Yönetmen Nacer Khemir: Filistin'in haklarının olmadığı bir dünya aslında canavarlaşmış bir noktaya gidiyor

Tunuslu usta yönetmen Nacer Khemir, "Çöl İşaretçileri", "Güvercinin Kayıp Gerdanlığı" ve "Bab'Aziz" filmlerine imza attı (AA)
Tunuslu usta yönetmen Nacer Khemir, "Çöl İşaretçileri", "Güvercinin Kayıp Gerdanlığı" ve "Bab'Aziz" filmlerine imza attı (AA)

Anadolu Ajansının Global İletişim Ortağı olduğu 11. Boğaziçi Film Festivali'nde Uluslararası Uzun Metraj Yarışması'nın jüri başkanlığını üstlenen Khemir, AA muhabirine, sinemaya dair yaklaşımını ve İsrail'in Gazze'ye düzenlediği saldırılara ilişkin düşüncelerini dile getirdi.

Aynı zamanda yönetmen ve yazar Khemir, İstanbul'da olmanın çok güzel olduğunu belirterek, "Çok sevdiğim bir şehirde yürüyerek gezme fırsatı buldum. İstanbul'un içerisinde birçok şehir olduğunu söyleyebilirim." ifadesini kullandı.

"Oldukça zengin bir festival"

Birçok gencin burada sinemayla ilgilendiğine şahit olduğundan bahseden Khemir, "Aynı zamanda çok fazla sinema öğrencisi ve festivalin olduğunu görmek mutluluk verici. Bunlar birbirinden farklı ve birbirini tamamlayan festivaller. Her biri sinemada farklı bir bakışı ortaya koymak için düzenleniyor, bu Avrupa'da çok fazla gördüğümüz bir örnek değil." değerlendirmesinde bulundu.

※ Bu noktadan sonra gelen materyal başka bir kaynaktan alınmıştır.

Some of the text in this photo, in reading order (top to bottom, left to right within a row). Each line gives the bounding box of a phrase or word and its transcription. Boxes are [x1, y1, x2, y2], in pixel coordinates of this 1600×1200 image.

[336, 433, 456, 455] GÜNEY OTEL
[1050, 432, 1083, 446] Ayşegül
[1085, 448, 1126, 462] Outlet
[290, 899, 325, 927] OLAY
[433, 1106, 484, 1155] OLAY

Nacer Khemir, Boğaziçi Film Festivali'nde jüri başkanı olarak birçok film görme şansı yakaladığını dile getirerek,"Oldukça zengin bir festival olduğunu söyleyebilirim. Ayrıca diğer festivaller için de güzel bir örnek teşkil ediyor. Festivallerde genellikle filmlerin yüzde 20'si aslında kurgudan oluşuyor, geri kalanları günlük hayatın bir yorumu şeklinde oluyor. Bu da aslında Avrupa'dan gelen bir yaklaşım." dedi.

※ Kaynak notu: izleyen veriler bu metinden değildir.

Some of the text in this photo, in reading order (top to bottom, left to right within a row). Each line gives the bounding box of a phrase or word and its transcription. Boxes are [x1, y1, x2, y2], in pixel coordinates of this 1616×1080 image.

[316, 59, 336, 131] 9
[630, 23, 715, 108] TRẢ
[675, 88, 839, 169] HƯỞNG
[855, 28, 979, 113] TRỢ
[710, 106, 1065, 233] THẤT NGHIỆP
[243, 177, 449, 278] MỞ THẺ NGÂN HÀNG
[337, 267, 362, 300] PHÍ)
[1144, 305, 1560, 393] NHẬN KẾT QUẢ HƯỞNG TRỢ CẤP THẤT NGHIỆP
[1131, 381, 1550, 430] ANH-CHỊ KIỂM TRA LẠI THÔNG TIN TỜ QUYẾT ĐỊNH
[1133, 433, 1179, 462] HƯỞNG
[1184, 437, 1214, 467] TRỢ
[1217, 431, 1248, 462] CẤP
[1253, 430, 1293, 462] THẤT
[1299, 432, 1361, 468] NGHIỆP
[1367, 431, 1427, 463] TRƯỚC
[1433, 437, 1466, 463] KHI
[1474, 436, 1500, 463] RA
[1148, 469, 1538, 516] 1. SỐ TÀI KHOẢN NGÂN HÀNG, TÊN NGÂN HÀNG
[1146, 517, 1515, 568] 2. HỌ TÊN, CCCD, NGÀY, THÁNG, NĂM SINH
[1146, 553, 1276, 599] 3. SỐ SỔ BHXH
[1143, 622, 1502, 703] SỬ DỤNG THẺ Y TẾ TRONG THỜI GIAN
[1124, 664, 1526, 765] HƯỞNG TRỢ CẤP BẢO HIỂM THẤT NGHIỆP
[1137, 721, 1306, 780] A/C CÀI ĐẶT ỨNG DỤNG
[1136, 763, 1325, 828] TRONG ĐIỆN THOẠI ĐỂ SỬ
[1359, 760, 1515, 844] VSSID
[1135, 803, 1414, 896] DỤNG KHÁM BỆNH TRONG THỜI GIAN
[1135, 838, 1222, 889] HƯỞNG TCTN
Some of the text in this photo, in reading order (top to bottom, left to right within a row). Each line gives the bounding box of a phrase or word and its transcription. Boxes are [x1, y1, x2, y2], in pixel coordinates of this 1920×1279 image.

"Sinema bir ülkenin ruhunu yansıtır"

Filmi oluşturan esas unsurun hikaye olduğunu vurgulayan Khemir, şunları kaydetti:

Hikayenin sinemada merkezde olduğunu söyleyebilirim. Dijital imkanlar bize çok kolaylık sağlıyor. Burada farklı olan şey bizim hikayeyi nasıl anlattığımız oluyor. Mesela İstanbul'un mimarisi Paris'inkine benzemiyor, eğer biz İstanbul'da yaşıyorsak İstanbul'un hikayesine benzer bir şekilde bunu anlatmamız gerekiyor. Eğer biz İstanbul'da yaşayıp Paris'te geçen benzer bir hikaye anlatmaya çalışırsak bu olmaz. Şu anda sinemacılar bu hatayı yapıyor. Dünyanın farklı yerlerinde yaşasak da hepimiz ABD sinemasına benzer filmler çekiyoruz. Hollywood sinemasını taklit etmemeliyiz, kendi tarzımızı göstermeliyiz. Ben sinemamda, filmlerimde buna çabalıyorum.

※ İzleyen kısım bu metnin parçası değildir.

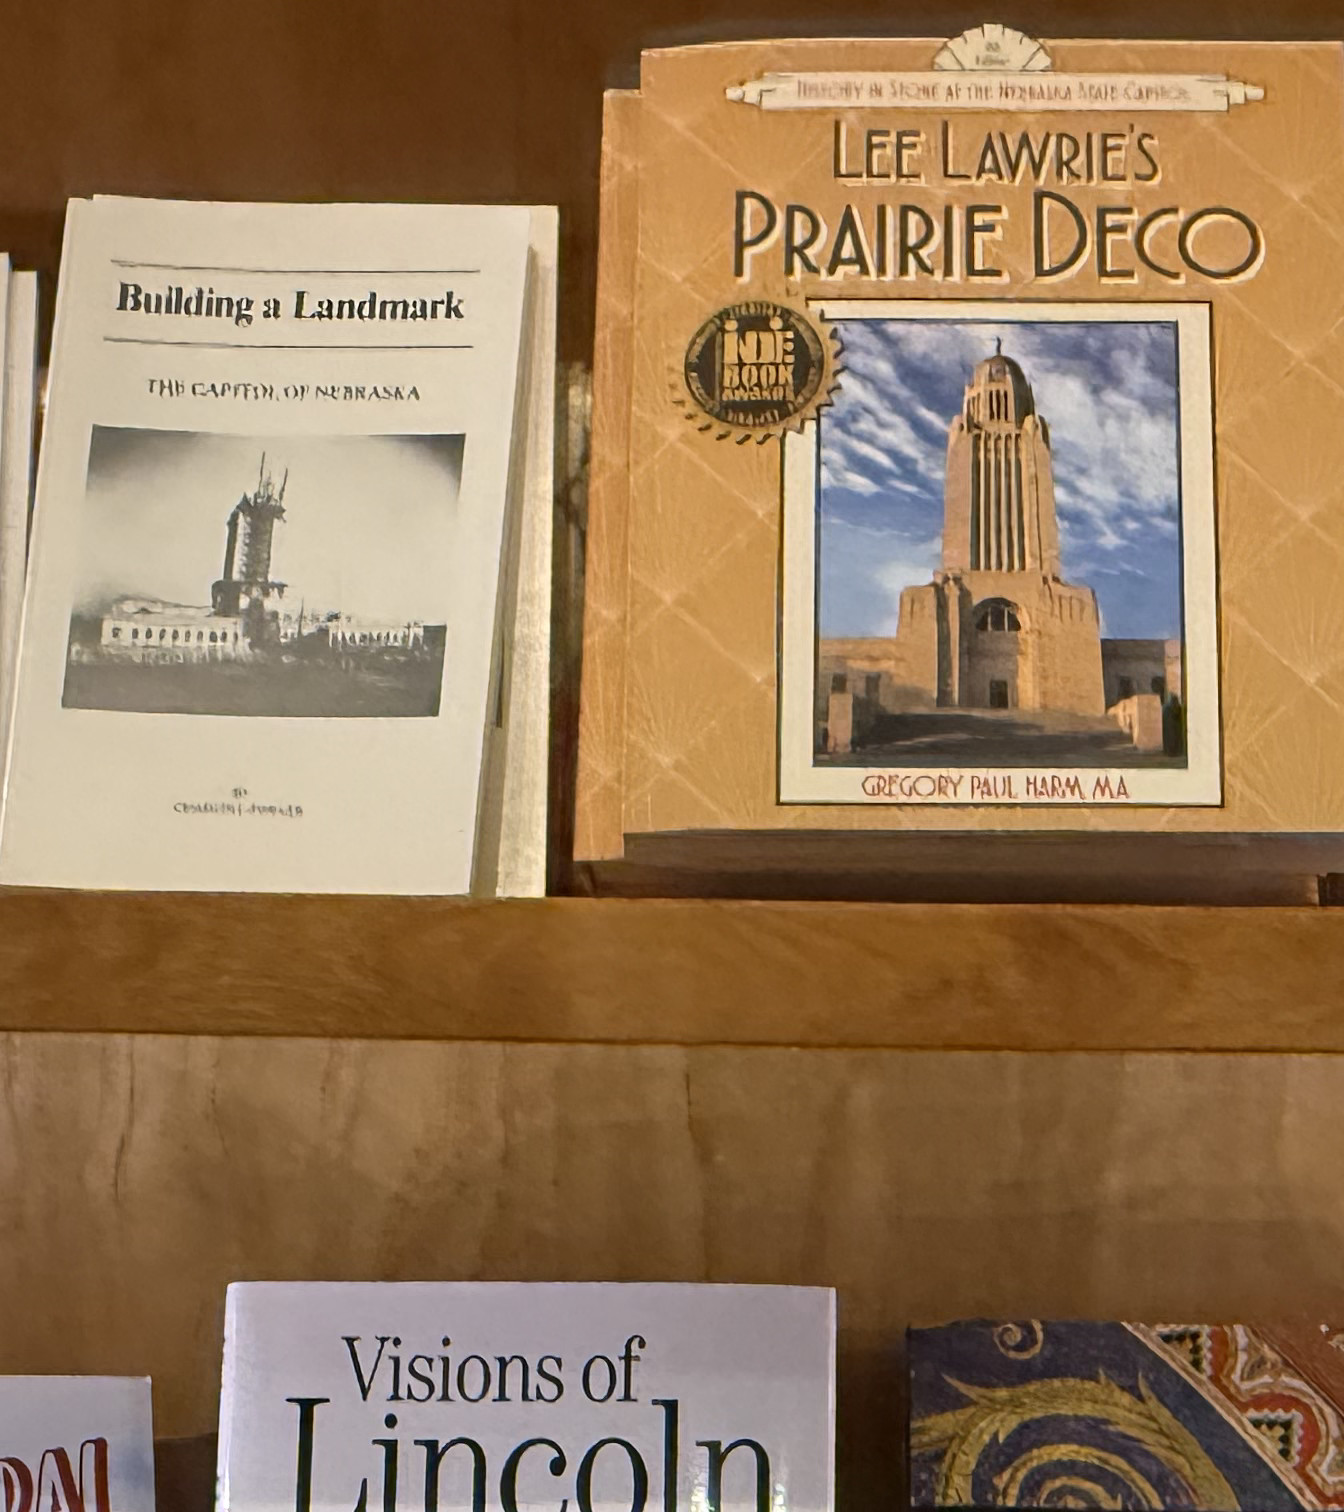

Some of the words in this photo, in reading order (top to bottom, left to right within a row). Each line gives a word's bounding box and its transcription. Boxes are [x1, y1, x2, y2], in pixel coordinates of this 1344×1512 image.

[833, 119, 924, 182] LEE
[942, 119, 1160, 184] LAWRIE'S
[734, 189, 1009, 282] PRAIRIE
[1034, 189, 1264, 283] DECO
[116, 281, 254, 327] Building
[262, 298, 281, 319] a
[294, 289, 465, 321] Landmark
[861, 774, 964, 799] GREGORY
[971, 775, 1017, 800] PAUL
[342, 1335, 564, 1403] Visions
[582, 1333, 647, 1403] of

Khemir, sinema eğitimini aslında şiirler aracılığıyla yaptığını belirterek, "Çünkü her şiirin ruhtan gelen bir hikayesi var. Sinemanın en önemli kısmı bir ülkenin ruhunu yansıtmasıdır. Sinema ruhun ateşini saklayan bir şeydir. Bu aynı zamanda beraberinde umudu da taşır ve şu anda hiç olmadığı kadar umuda ihtiyacımızın olduğunu bir zamandayız." diye konuştu.

"Türk sinemasının aslında kendi büyük şairlerine geri dönüp oradan kaynak bulabileceğini düşünüyorum"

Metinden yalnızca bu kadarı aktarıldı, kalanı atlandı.